异音检测的两种模型: 人工听检的自动化替代技术主要有两类模型,一类是参数驱动模型,另一类是基于人工智能的数据驱动模型。前者通过分析比较找到一个标准参数范围,在范围之内的为正常,在范围之外的为故障,但这样的参数范围却很难选择确定,因为人工听检所依据的判断规则很难用显示的参数来描述;人工智能则可以模拟人的学习和判断过程,通过特定的模型描述那些只能意会却无法言传的判断规则。下图给出了两类模型的比较。

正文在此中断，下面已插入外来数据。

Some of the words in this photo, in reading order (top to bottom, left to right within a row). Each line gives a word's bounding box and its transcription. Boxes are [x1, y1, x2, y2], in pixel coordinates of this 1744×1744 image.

家电异音检测可以按照下图所示的技术途径来实施。按照机器学习的要求,通过传声器和信号采集系统进行声信号样本采集,需要注意的是采集得到的声信号既包含家电的运转声,也包括生产线的环境噪声。采用现有成熟的多种信号处理方法对所测声信号进行预处理,通过分析比较和尝试,组成最佳的信号特征向量,该向量应该能够最大程度反映家电状态信号,同时抑制环境噪声。 常用的信号特征提取方法一般包括时域、频域和时频域三类,时域的典型特征有短时能量和过零率;频域的特征种类繁多,有各种谱分析方法、线性预测系数以及梅尔频率倒谱系数等;时频特征包含短时傅里叶谱和小波谱,时频特征会带来较大的计算量,但却更能完整全面地描述音频信号。

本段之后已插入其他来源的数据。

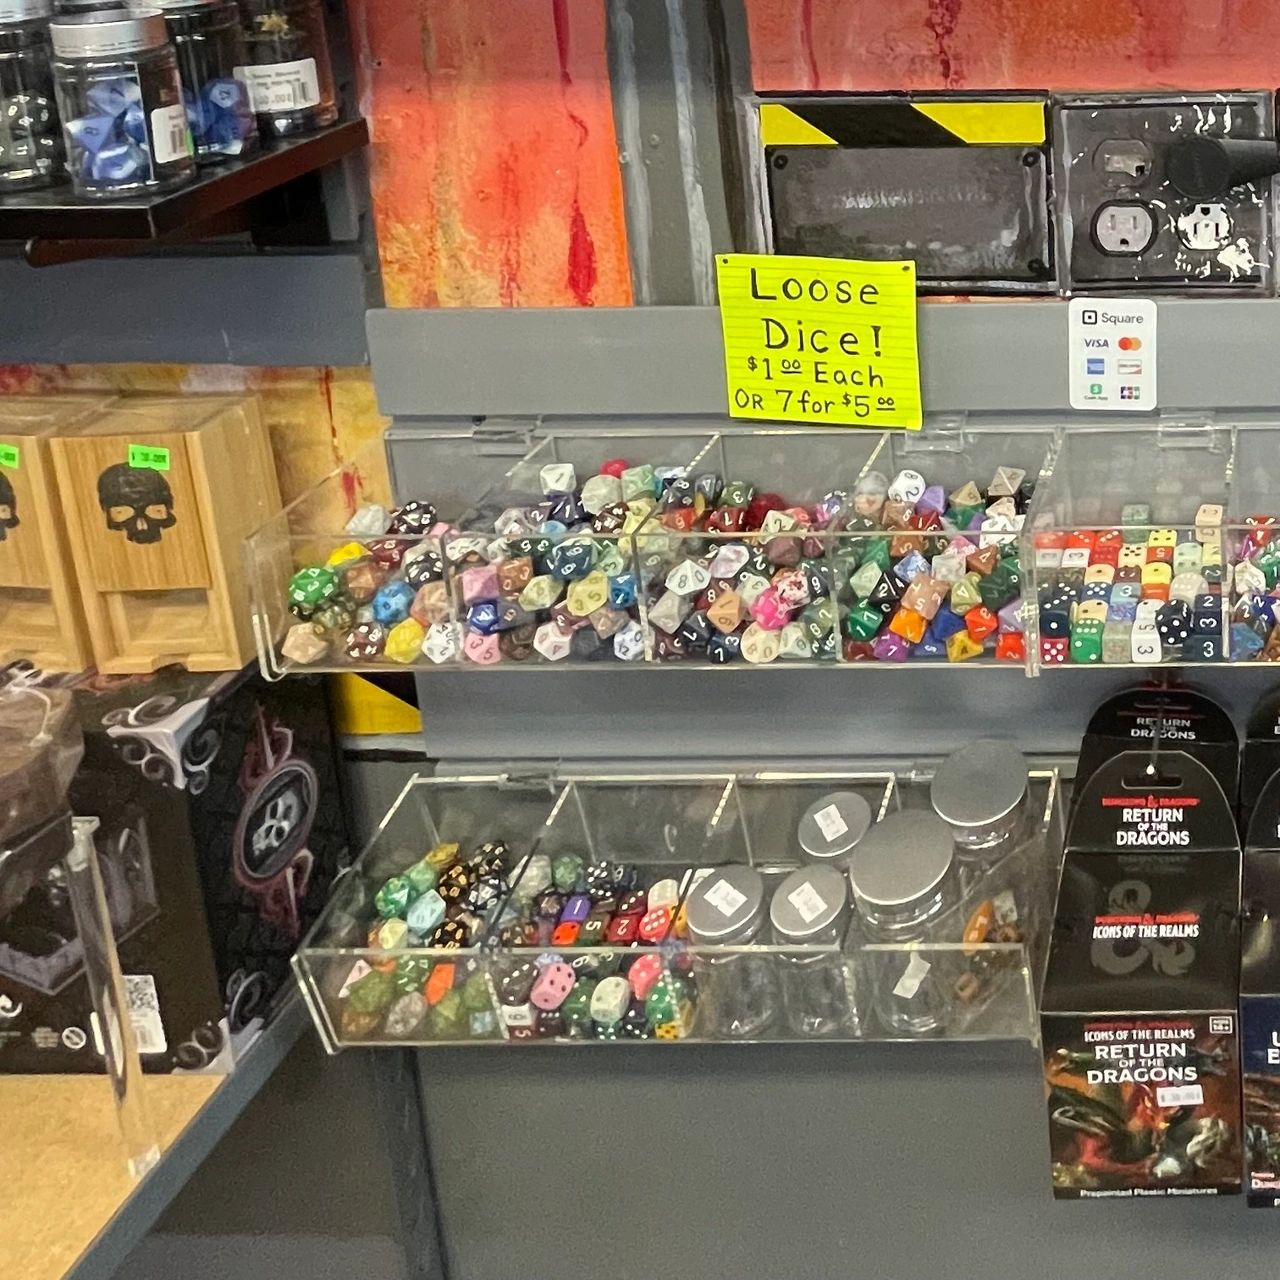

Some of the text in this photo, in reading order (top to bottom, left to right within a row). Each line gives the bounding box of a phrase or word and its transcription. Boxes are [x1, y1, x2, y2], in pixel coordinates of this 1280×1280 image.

[1101, 313, 1143, 325] Square
[761, 318, 881, 357] Dice!
[1084, 339, 1109, 348] VISA
[814, 361, 883, 387] Each
[776, 390, 793, 412] 7
[797, 390, 835, 413] for
[1123, 808, 1184, 822] RETURN
[1138, 823, 1149, 831] OF
[1116, 830, 1190, 846] DRAGONS
[1092, 923, 1199, 939] ICONS OF THE REALMS
[1084, 1028, 1195, 1042] ICONS OF THE REALMS
[1095, 1043, 1186, 1060] RETURN
[1118, 1058, 1165, 1067] OF THE
[1087, 1067, 1198, 1084] DRAGONS

在线异音检测可以说是人工智能技术在家电生产过程中的一个合适应用场景,但要想与家电生产流程真正无缝结合,真正替代人工声检,还需要解决很多技术和管理上的难题,技术难题包括产线节拍匹配、信号采集、环境噪声消除、训练样本选择、合适学习模型确定等,管理难题包括检测规范与标准的制定以及检测流程的重构等,解决这些难题的方法和思路将在后续详细深入讨论。